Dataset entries
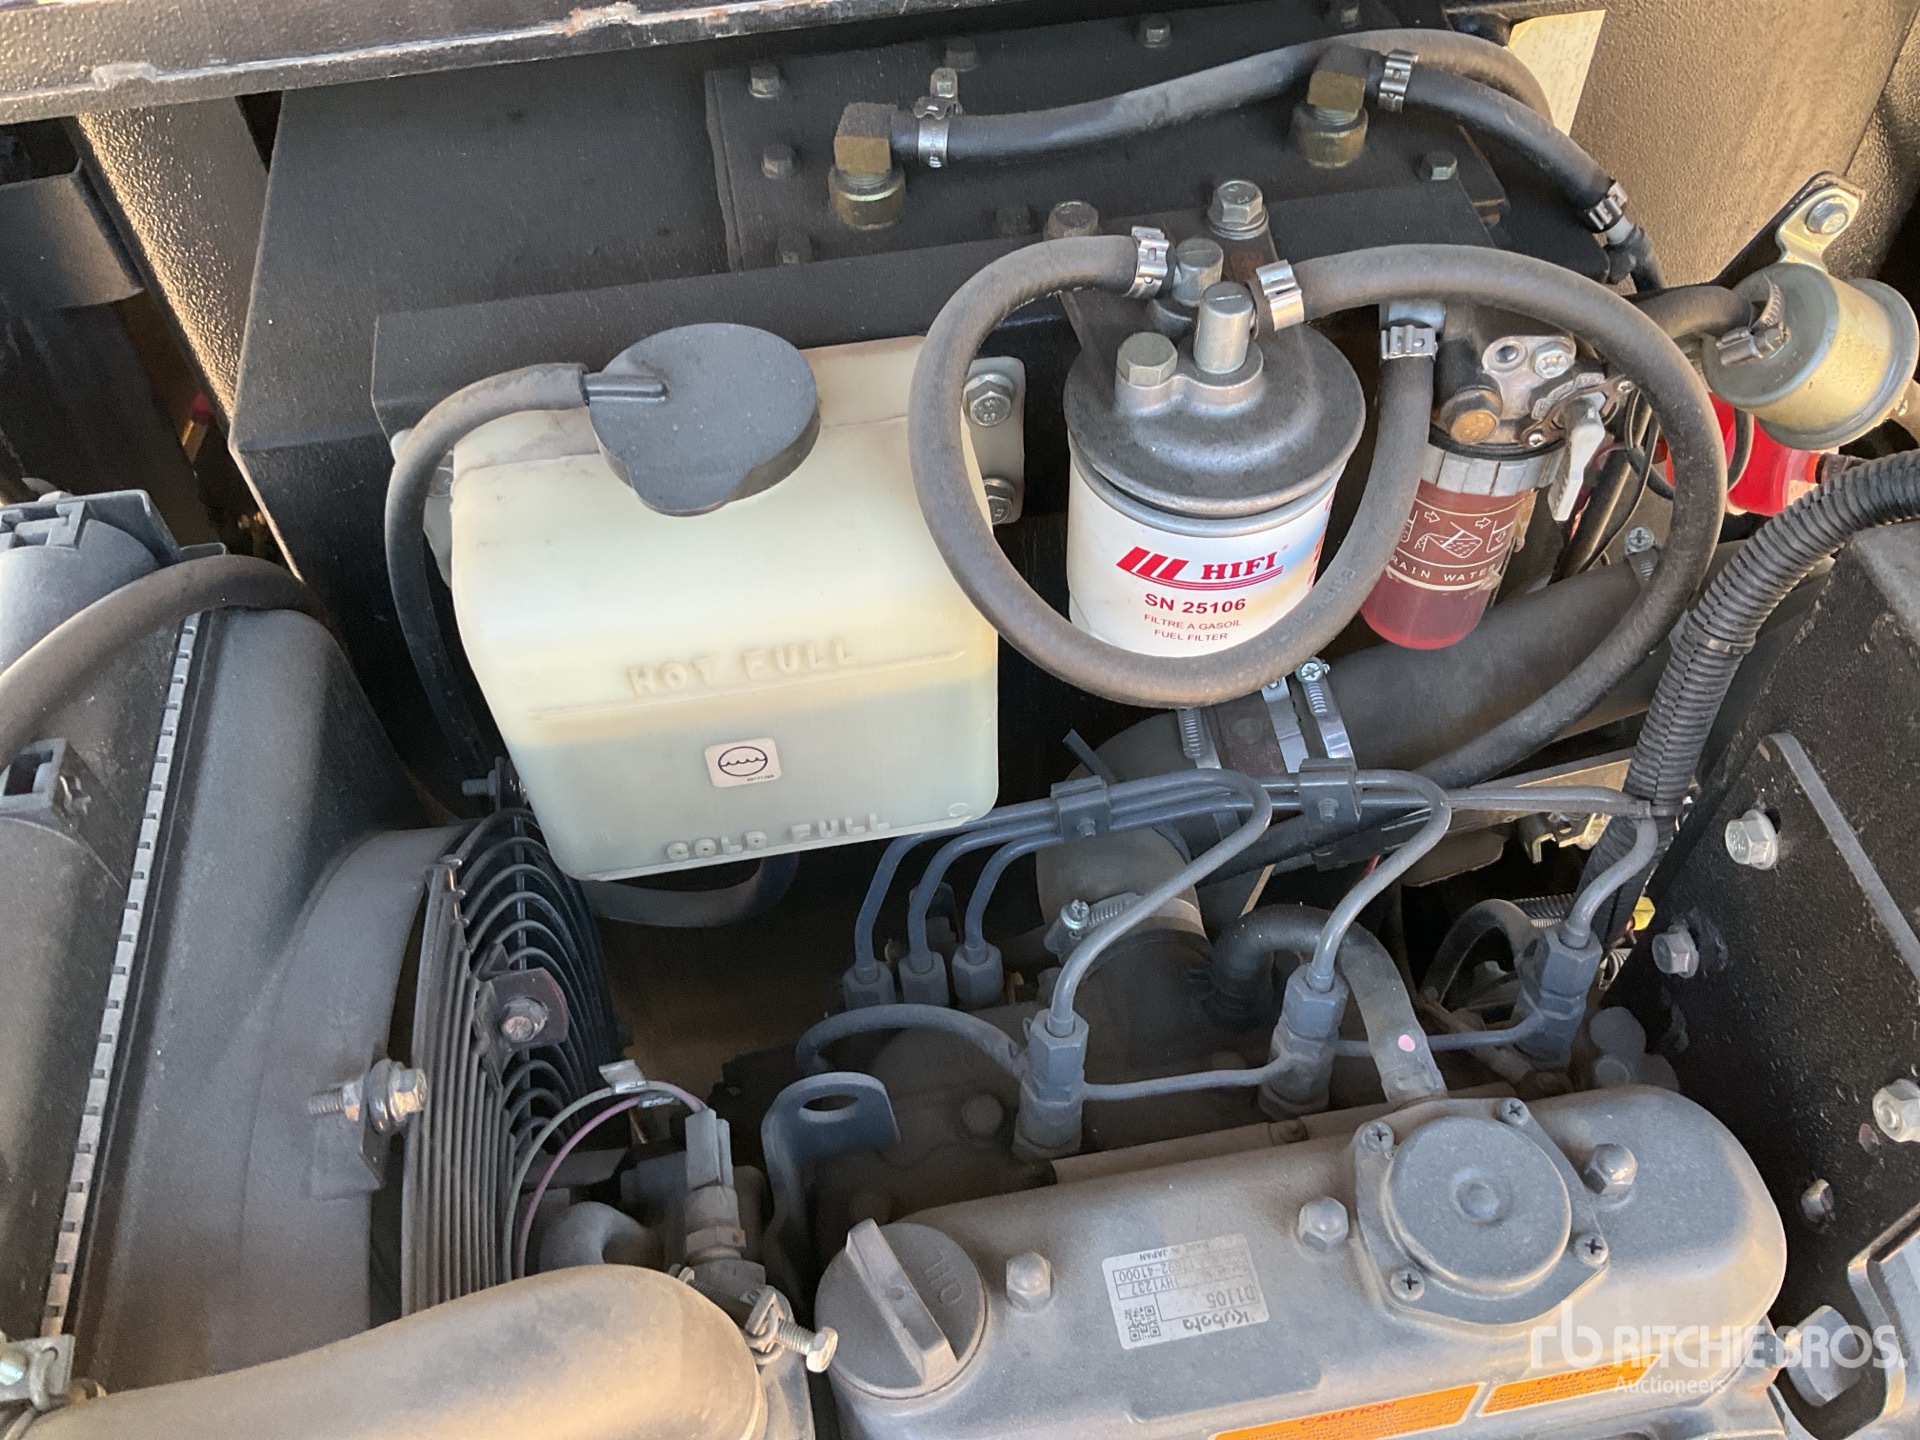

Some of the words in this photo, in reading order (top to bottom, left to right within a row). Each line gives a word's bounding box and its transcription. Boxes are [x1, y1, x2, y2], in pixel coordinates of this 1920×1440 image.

[1200, 551, 1278, 580] HIFI
[1391, 554, 1431, 579] RAIN
[1144, 593, 1175, 611] SN
[1182, 598, 1246, 615] 25106
[1144, 613, 1184, 630] FILTRE
[1187, 622, 1196, 630] A
[1198, 619, 1242, 631] GASOIL
[1154, 629, 1184, 641] FUEL
[1187, 632, 1229, 642] FILTER
[626, 655, 716, 697] HOT
[742, 639, 857, 680] FULL
[667, 830, 769, 862] COLD
[791, 812, 890, 844] FULL
[1138, 1249, 1168, 1262] JAPAN
[1206, 1284, 1256, 1310] D1105
[1182, 1309, 1250, 1333] Kubota
[1299, 1402, 1397, 1426] CAUTION
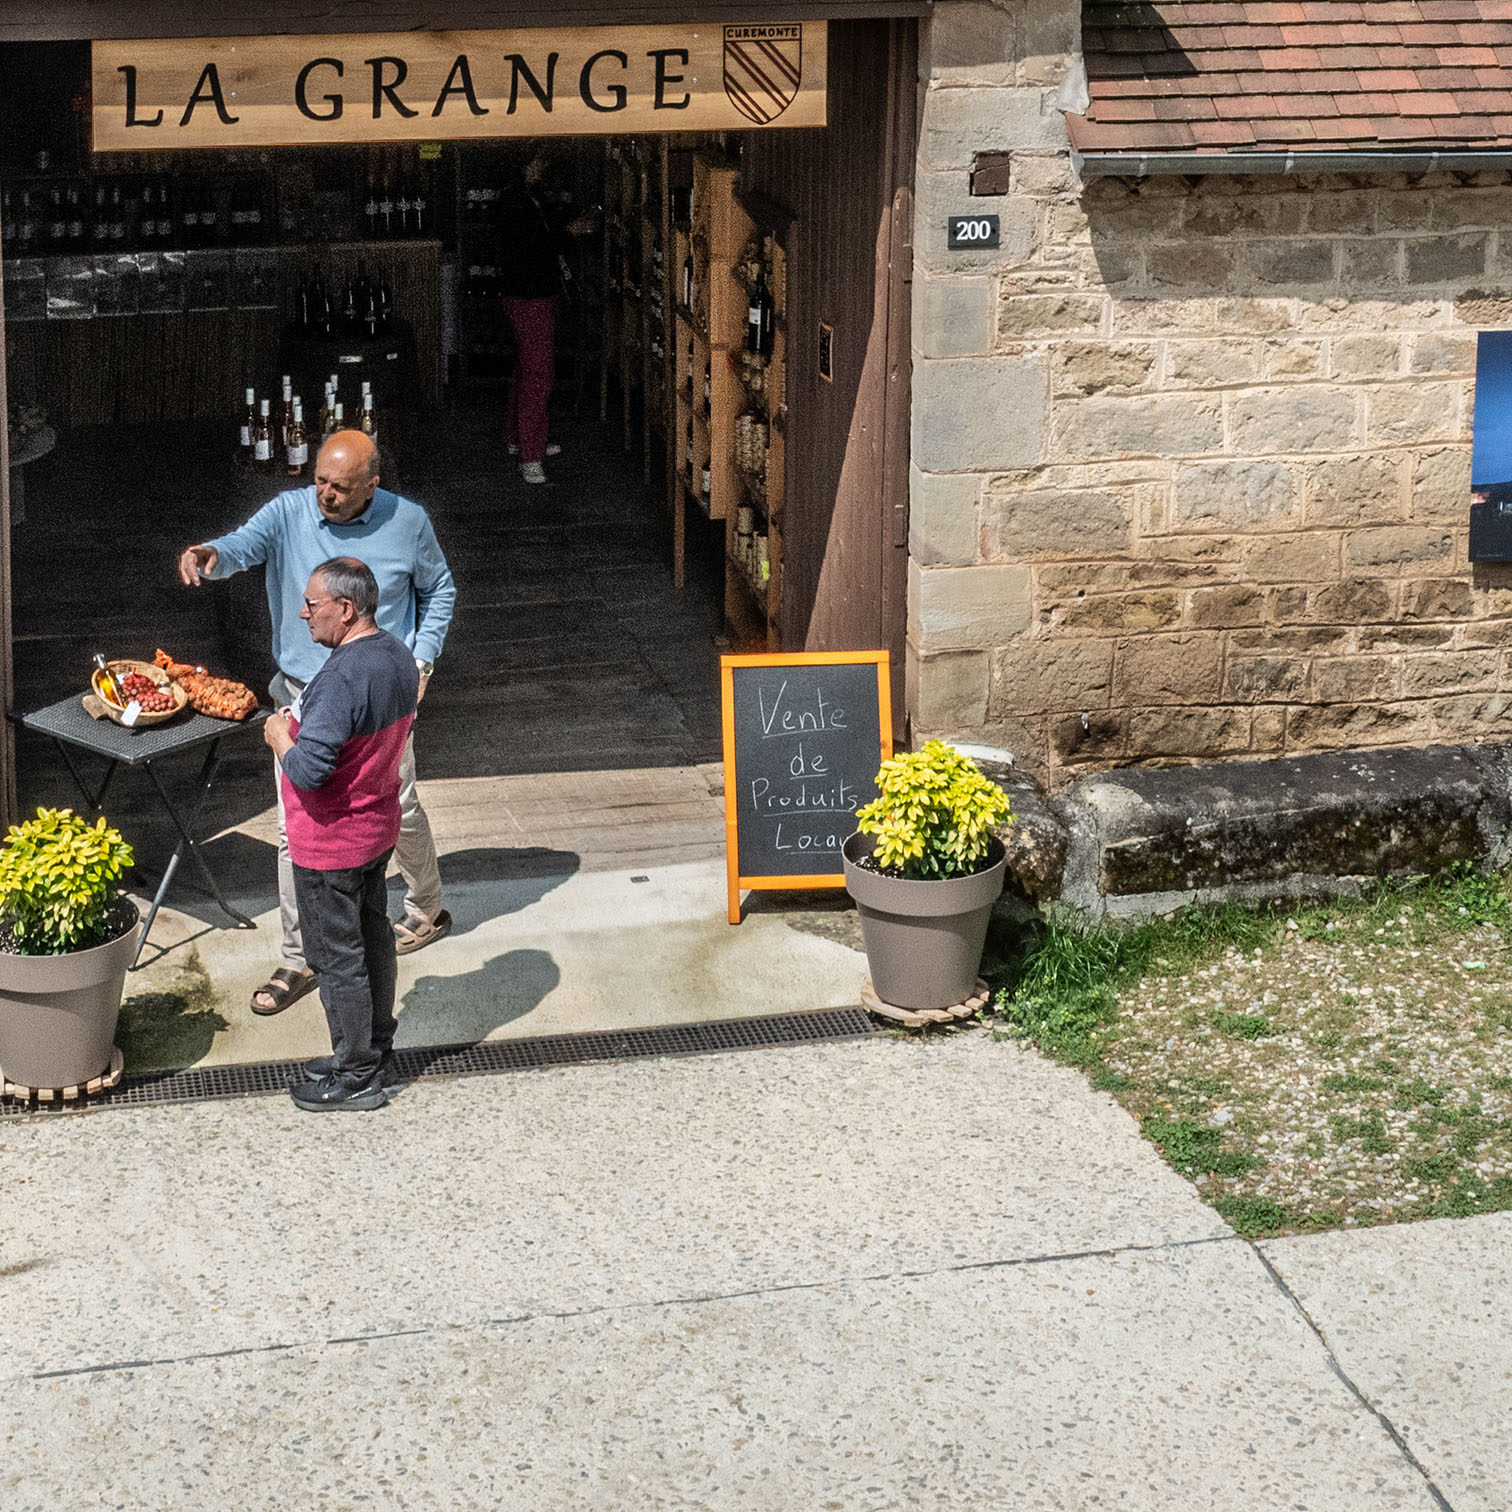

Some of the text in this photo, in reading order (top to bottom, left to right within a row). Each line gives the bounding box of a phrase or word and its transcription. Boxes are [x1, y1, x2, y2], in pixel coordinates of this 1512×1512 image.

[727, 28, 798, 38] CUREMONTE
[117, 48, 690, 128] LA GRANGE
[956, 220, 991, 240] 200
[758, 680, 848, 735] Vente
[790, 742, 828, 776] de
[752, 776, 859, 811] Produits
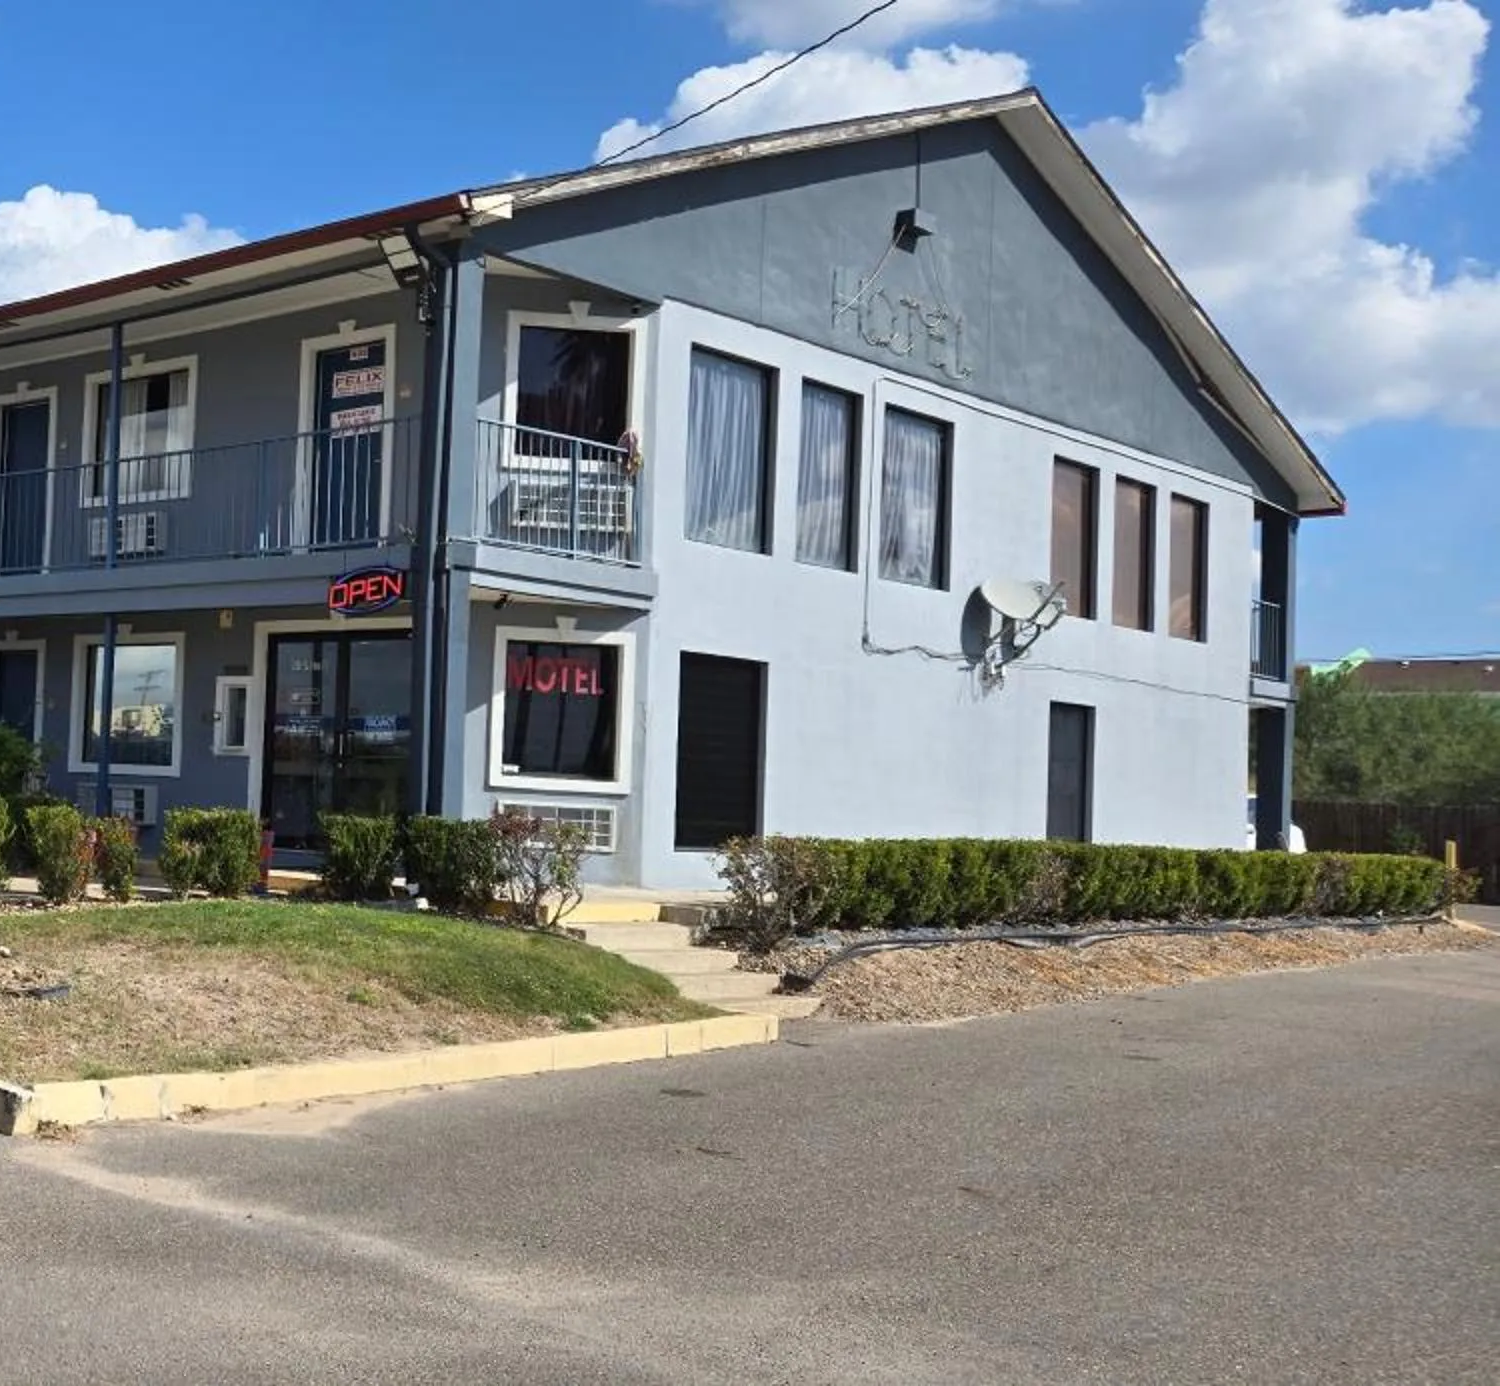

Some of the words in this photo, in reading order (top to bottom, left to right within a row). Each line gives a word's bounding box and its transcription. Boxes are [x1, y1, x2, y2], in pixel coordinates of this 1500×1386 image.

[336, 371, 382, 388] FELIX
[329, 572, 402, 609] OPEN
[506, 652, 605, 695] MOTEL

### PROBLEM DESCRIPTION
Repeat each line above exactly. The pictures stay out.

### EXERCISE RESULT
Some of the words in this photo, in reading order (top to bottom, left to right within a row). Each line gives a word's bounding box and its transcription. Boxes are [x1, y1, x2, y2], in pixel coordinates of this 1920×1440 image.

[1200, 551, 1278, 580] HIFI
[1391, 554, 1431, 579] RAIN
[1144, 593, 1175, 611] SN
[1182, 598, 1246, 615] 25106
[1144, 613, 1184, 630] FILTRE
[1187, 622, 1196, 630] A
[1198, 619, 1242, 631] GASOIL
[1154, 629, 1184, 641] FUEL
[1187, 632, 1229, 642] FILTER
[626, 655, 716, 697] HOT
[742, 639, 857, 680] FULL
[667, 830, 769, 862] COLD
[791, 812, 890, 844] FULL
[1138, 1249, 1168, 1262] JAPAN
[1206, 1284, 1256, 1310] D1105
[1182, 1309, 1250, 1333] Kubota
[1299, 1402, 1397, 1426] CAUTION

Some of the text in this photo, in reading order (top to bottom, left to right within a row). Each line gives the bounding box of a phrase or word and its transcription. Boxes are [x1, y1, x2, y2], in pixel coordinates of this 1512×1512 image.

[727, 28, 798, 38] CUREMONTE
[117, 48, 690, 128] LA GRANGE
[956, 220, 991, 240] 200
[758, 680, 848, 735] Vente
[790, 742, 828, 776] de
[752, 776, 859, 811] Produits

Some of the words in this photo, in reading order (top to bottom, left to right within a row). Each line gives a word's bounding box and its transcription. Boxes are [x1, y1, x2, y2], in pixel coordinates of this 1500×1386 image.

[336, 371, 382, 388] FELIX
[329, 572, 402, 609] OPEN
[506, 652, 605, 695] MOTEL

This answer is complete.